Value Outside The Testing Box

2011Symposium_1_2Before you read the rest of this post, I want you to make a list of the five things you do that add the most value to your life. These should be things that are not the source of regret or seem fun at the time but exact a high emotional or financial price afterwards. Just write down things that are life-enriching and that have lasting value to you and others. Don’t read further until you have made your list.

Now, look over the list and put a check mark next to each one that you were tested for when you were in school, from kindergarten through graduating from high school. While some of you may have Calculus and Physics on your list, as important as they are, for most of us, they are not what we choose to consume our time with when we are looking to build value into our lives and the lives of loved ones. It is much more likely that things related to the arts, sports, and spending time with loved ones was on most of your lists; yet most of us never had to take a standardized, mandated, government authored test on any of these things. In fact, you may have discovered that the more heavily tested something was, the less value it now adds to your life, and the less tested something was, the more value it adds to your life. While this is not an iron-clad argument, it is worth observing that students who spend as much time being tested as our students eventually come to the reasonable yet false conclusion that because the only thing that seems to matter to educators is testing, the only things they do in school that really matter are those things that are tested.

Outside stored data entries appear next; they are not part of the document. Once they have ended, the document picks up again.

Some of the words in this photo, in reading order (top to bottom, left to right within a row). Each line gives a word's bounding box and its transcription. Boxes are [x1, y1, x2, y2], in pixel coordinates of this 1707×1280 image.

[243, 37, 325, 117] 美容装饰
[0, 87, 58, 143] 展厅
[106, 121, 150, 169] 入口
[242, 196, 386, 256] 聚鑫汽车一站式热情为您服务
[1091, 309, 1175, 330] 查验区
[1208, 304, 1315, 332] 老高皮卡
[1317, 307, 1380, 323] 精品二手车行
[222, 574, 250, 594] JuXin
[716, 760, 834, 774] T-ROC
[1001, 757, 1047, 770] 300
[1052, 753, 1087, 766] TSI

That list I had you make is a powerful statement of how backwards so many have this issue. It is a worthwhile exercise to have students make that list, and then ask them how many of the items on the list they have to be tested for. Students quickly see that what passes them through school will not be enough to get them through life. Most of them can scarcely get through one day without singing, drumming, dancing, or interacting in some way with some art or other. Yet because the arts are so accessible and so pervasive in their daily lives, they can sometimes go unnoticed even as they are being enjoyed. They are the very essence of a thing taken for granted, and devalued as a result.

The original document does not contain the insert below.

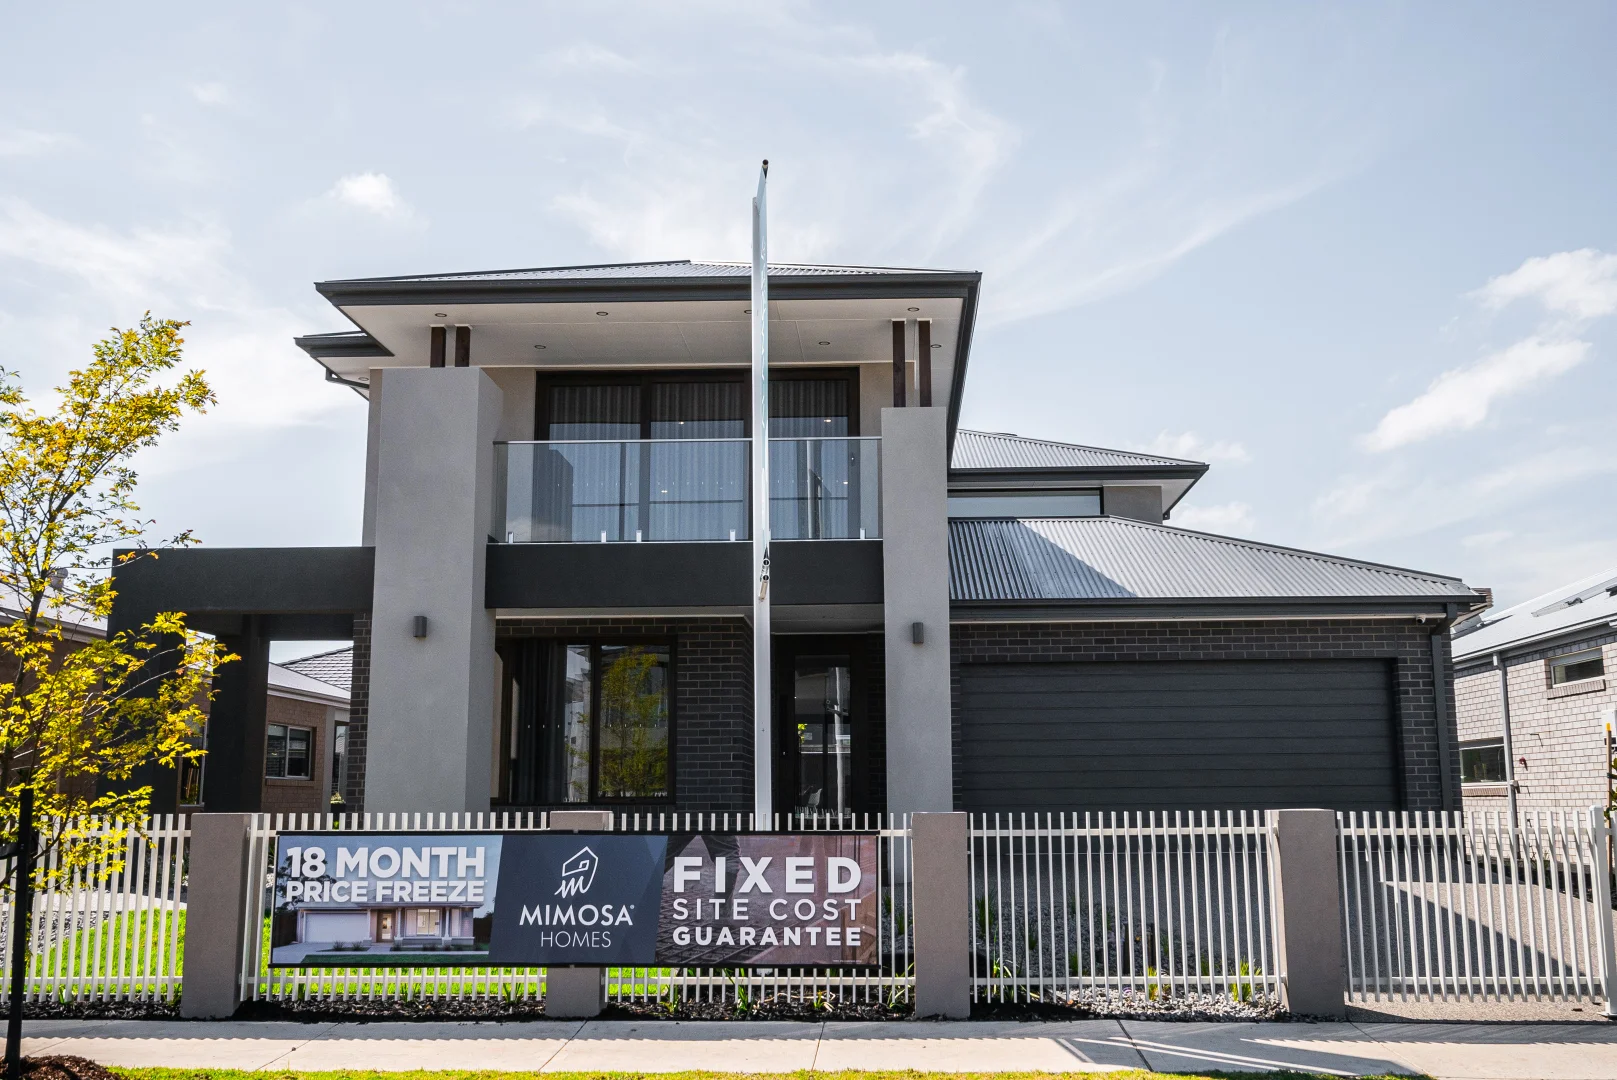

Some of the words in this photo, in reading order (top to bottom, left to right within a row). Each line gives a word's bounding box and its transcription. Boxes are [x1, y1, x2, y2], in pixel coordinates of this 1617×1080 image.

The Arts Education Partnership has noted that the arts prepare students for work and life. They do this by singerfilling in education that is easily overlooked in academic classes, but when missing is the root cause of apathy, behavior problems, and disenfranchisement. According to AEP, the arts prepare students for work by equipping them to be creative, strengthening problem solving skills, building collaboration and communication skills, and increasing a capacity for leadership. The arts prepare students for life by strengthening perseverance, facilitating cross-cultural understandings,building community and supporting civic engagement, and fostering a creative community. This last group, how the arts prepare students for life, is perhaps the most important, because unlike the ways in which the arts prepare stduents for work, the way in which the arts prepare students for life are not as well represented in athletics. Cross-cultural understandings beyond those already acquired through associations at school, and building a creative community are especially needed and absent from athletic programs.

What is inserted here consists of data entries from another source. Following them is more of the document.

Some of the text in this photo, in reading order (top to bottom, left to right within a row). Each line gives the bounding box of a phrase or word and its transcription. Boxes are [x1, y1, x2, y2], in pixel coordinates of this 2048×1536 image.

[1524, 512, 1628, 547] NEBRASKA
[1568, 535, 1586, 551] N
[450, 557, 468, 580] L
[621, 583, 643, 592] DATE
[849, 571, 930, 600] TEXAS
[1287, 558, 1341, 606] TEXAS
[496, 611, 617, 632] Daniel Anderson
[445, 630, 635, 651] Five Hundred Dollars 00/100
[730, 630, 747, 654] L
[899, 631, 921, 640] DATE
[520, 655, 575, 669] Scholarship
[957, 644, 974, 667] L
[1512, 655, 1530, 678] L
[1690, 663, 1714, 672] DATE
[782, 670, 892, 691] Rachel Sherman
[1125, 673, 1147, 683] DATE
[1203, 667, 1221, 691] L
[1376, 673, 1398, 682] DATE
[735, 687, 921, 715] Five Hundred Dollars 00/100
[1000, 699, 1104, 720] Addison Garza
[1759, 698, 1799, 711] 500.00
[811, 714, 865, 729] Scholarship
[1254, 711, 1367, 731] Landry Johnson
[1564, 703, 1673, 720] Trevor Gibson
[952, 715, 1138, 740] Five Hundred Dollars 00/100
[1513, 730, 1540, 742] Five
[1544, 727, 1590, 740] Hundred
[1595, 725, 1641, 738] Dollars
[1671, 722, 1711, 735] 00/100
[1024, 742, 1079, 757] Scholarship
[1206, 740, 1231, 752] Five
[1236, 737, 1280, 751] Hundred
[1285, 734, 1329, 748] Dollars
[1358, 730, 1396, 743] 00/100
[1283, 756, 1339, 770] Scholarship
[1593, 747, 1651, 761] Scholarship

The obsession with testing in our schools and valuing only what is tested there is, I think, a symptom of an American obsession with competing in the workplace, and winning at all costs. Such a worldview devalues all that is not profitable financially, and leaves the competitors to lead futile, hapless lives caught in what has been coined the rat race, which as too many have learned, is unwinnable. The solution is to jump off the race track and embrace the arts as a pursuit through which all humans can find a missing piece to the whole and satisfying life we want and were meant to have.